A imaginação – como a inteligência ou a sensibilidade – cultiva-se ou se atrofia. (HELD, 1980, p. 14)


     Para quem já leu os contos de Marina Colasanti nos livros “Doze reis e a moça no labirinto do vento”, “Uma ideia toda azul”, e “Longe como o meu querer”, por exemplo, pode estar acostumado ao estilo cuidadoso e aos elementos fantásticos que permeiam a narrativa desta autora. E agora, nos dois novos livros lançados por ela, ambos editados pela Global, com capas e formatos semelhantes, encontrarão novamente contos narrados com precisão e repletos do que há de maravilhoso no imaginário da contação de histórias.
      “do seu coração partido” (assim mesmo, com letra minúscula) é um dos dois livros que a autora lançou no final do ano passado. Um livro com doze contos, com doze narrativas-poéticas em que a realidade é apresentada em suas facetas mais deslumbrantes e místicas. Em suas dualidades: amor e morte, encontro e desencontro, angústia e plenitude.
      Os contos ainda são apresentados com algumas imagens em tons fracos, delicados, e os títulos de cada conto tomam conta de uma página toda. Um livro cuidadoso em seu formato. Um livro feito pensando no leitor, afinal, conforme Cagneti (2009, p. 34) deixa claro, “Ler um livro, hoje, principalmente em se tratando de infantil ou juvenil, é lê-lo em seu todo: capa, quarta capa, cores, ilustrações, diagramação, enfim, todo o projeto editorial. Muito há para ser lido em cada um desses aspectos que compõem a obra”.
     Ler os contos de Marina Colasanti exige muita atenção. Um olhar de leitor entrelinha, e uma capacidade de se admirar com o inesperado, pois, como bem está escrito na última linha da contracapa do livro, “não cabe à razão operar histórias que escapam às fronteiras do possível”. E os contos de Marina Colasanti levam a isto mesmo, a senti-los pela emoção de lê-los, longe, longe da razão e de suas possibilidades.
     Diante disso que a frase que serve de epígrafe para este texto tem muito do que os contos desta autora oferecem aos leitores, um cultivar da imaginação, da inteligência e da sensibilidade.
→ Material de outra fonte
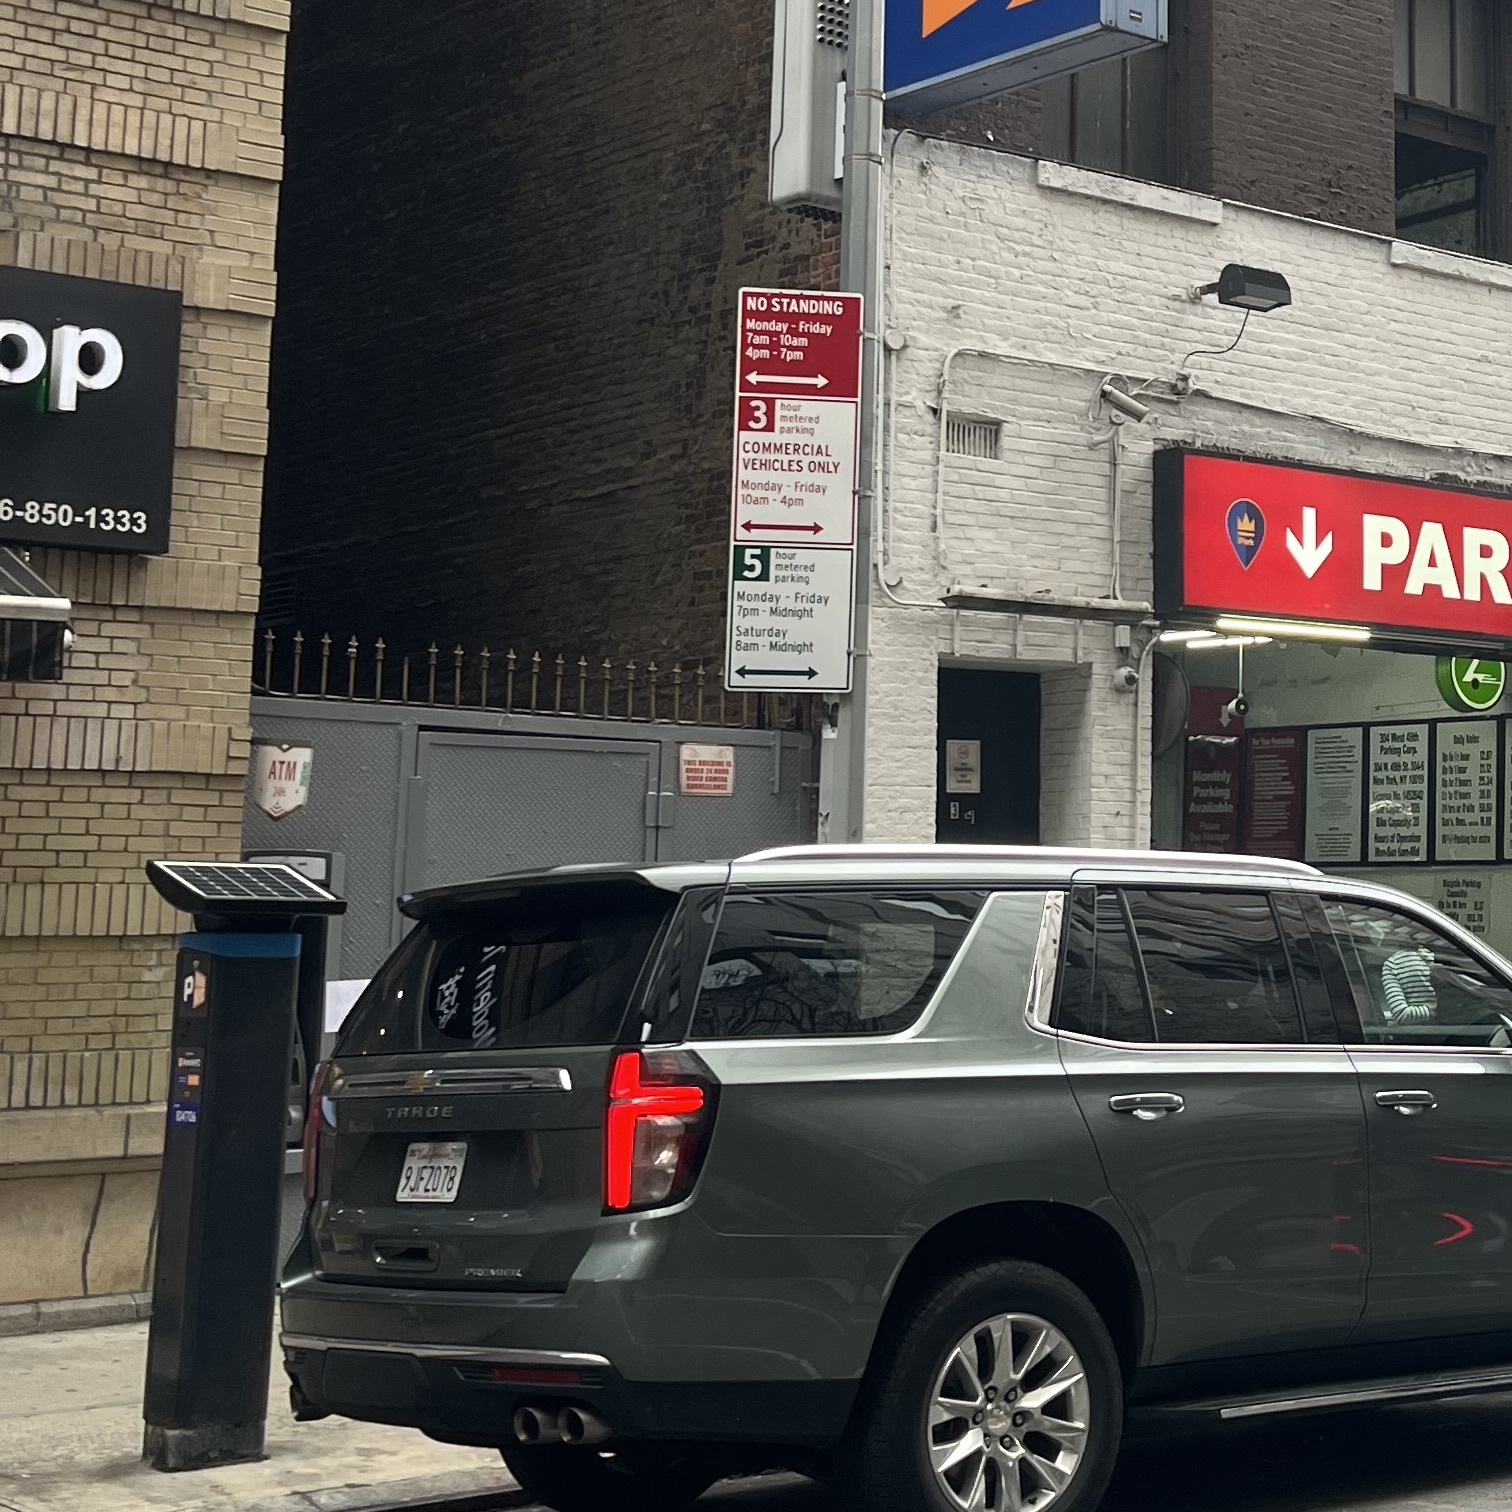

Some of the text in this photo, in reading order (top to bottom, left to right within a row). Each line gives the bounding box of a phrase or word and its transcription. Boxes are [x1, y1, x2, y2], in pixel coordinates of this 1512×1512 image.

Não de uma imaginação alienada do que há de real, mas sim de uma imaginação que contribui para a leitura deste real vivido pelo leitor. Algo citado, por exemplo, por Jacqueline Held, em seu livro “O imaginário no poder: as crianças e a literatura fantástica” (1980, p. 28), quando a autora lança a seguinte indagação: “O que é que vivifica o fantástico e vem lhe dar sua verdadeira densidade, senão a simples vida cotidiana, com seus problemas, sua comicidade, seus ridículos, sua mistura íntima de cuidados, de angústia, de pitoresco, de ternura?”
     É um pouco de tudo isso que a contista Marina Colasanti oferece aos seus leitores. Um repensar a realidade por intermédio de narrativas que lidam com o fantástico e com o imaginário de cada um. Um pouco-muito do que o estudioso francês Daniel Pennac (1993, p. 19) afirma, que “(...) a virtude paradoxal da leitura que é nos abstrair do mundo para lhe emprestar um sentido”.
     Não costumo fazer isso, mas, para quem ainda não leu nada de Marina Colasanti, faça o quanto antes, por tudo o que foi escrito aqui, e por muito do que cada leitor pode acrescentar àquelas histórias. Porém, é necessário lê-la preparado para receber histórias “de coração partido” e de muito além da compreensão.